Saturday, May 1, 2010

>OTC derivatives: A new market infrastructure is taking shape

The global derivatives market has expanded enormously in recent years. Interest rate products (options and futures) have seen a particularly rapid increase over the past eight years. When volumes peaked in 2007, gross notional amounts outstanding of over-the-counter (OTC) derivatives amounted to USD 605 trillion.

A number of structural deficiencies in the market infrastructure of OTC derivatives were revealed during the financial crisis. Inherent counterparty risk and its inadequate management, the intransparency and complexity concerning actual risk exposures, and the danger of contagion, i.e. the risk of a default of one firm spreading through the financial system, are the issues that were brought to the collective consciousness in conjunction with the systemic relevance of these markets.

Traditionally, counterparty risk used to be mitigated between trading partners by means of bilateral collateralisation. While in principle collateral can be an effective insurance against counterparty credit exposure, prevalent market practices such as asynchronous collateral cycles or incomprehensive collateral coverage resulted in uncollateralised exposures in the past.
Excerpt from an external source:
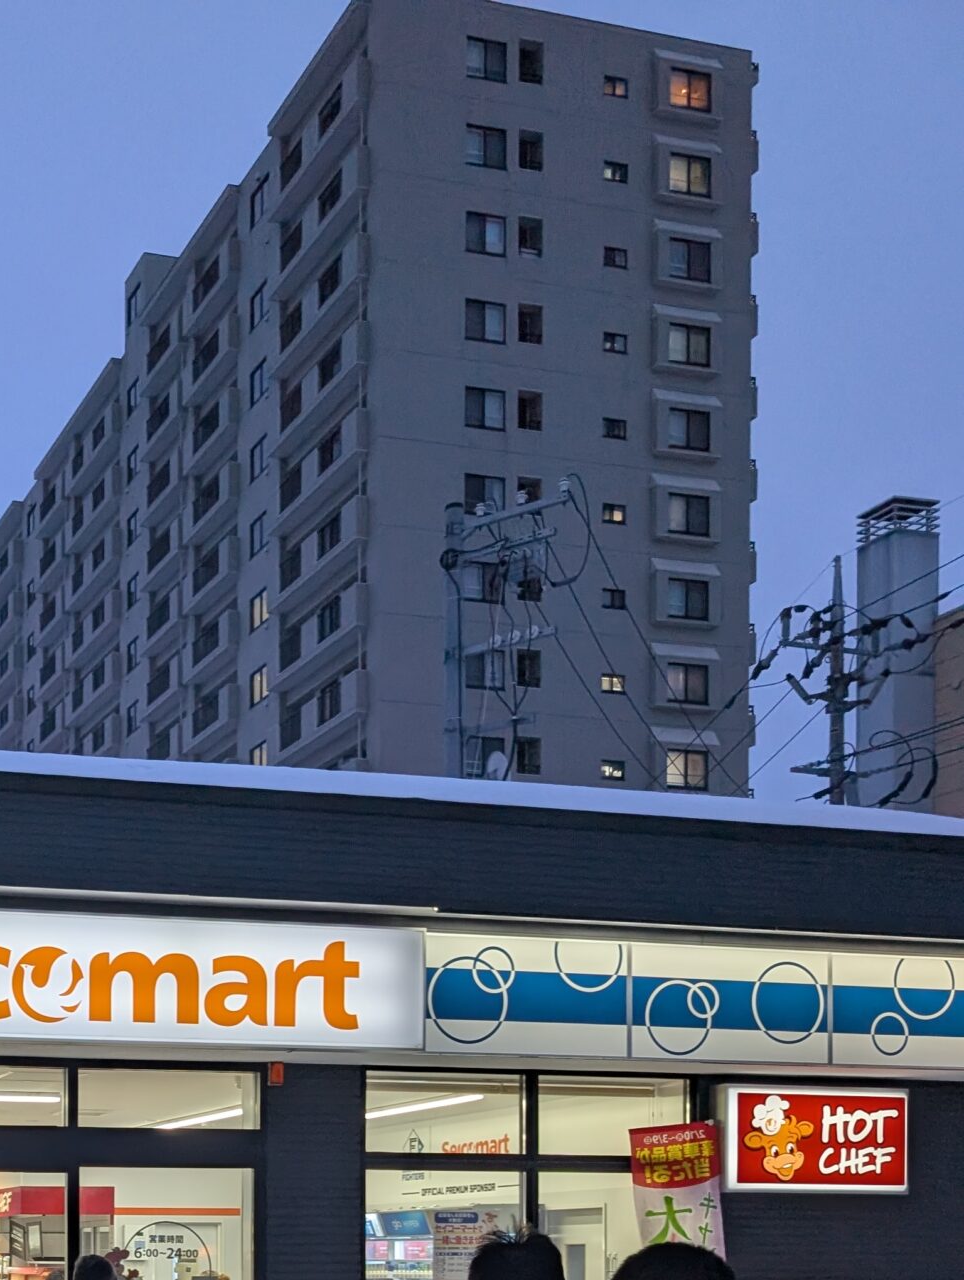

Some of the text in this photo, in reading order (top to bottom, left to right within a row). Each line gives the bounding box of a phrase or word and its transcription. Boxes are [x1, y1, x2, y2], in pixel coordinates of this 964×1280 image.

Central counterparty (CCP) clearing is the most immediate way of addressing these limitations. CCPs also reduce systemic risk, as they reduce the likelihood of contagion. Hence, regulators in the EU and the US are pushing for more OTC business to be cleared via CCPs.

Reform of market infrastructure will alter competitive structures in the industry. Rules on the eligibility of contracts for central clearing, interoperability of CCPs and ownership of the market infrastructure are issues set to shape the industry, but are undetermined at the moment.

Regulators should ensure that legislation drafted is commensurate with the risks faced. While transparency and standardisation are objectives worth of being promoted, the future of the industry will critically hinge not so much on market forces but on the outcome of the regulatory process. Regulation must strike an appropriate balance between greater stability and preserving the benefits of solid, yet dynamic derivatives markets.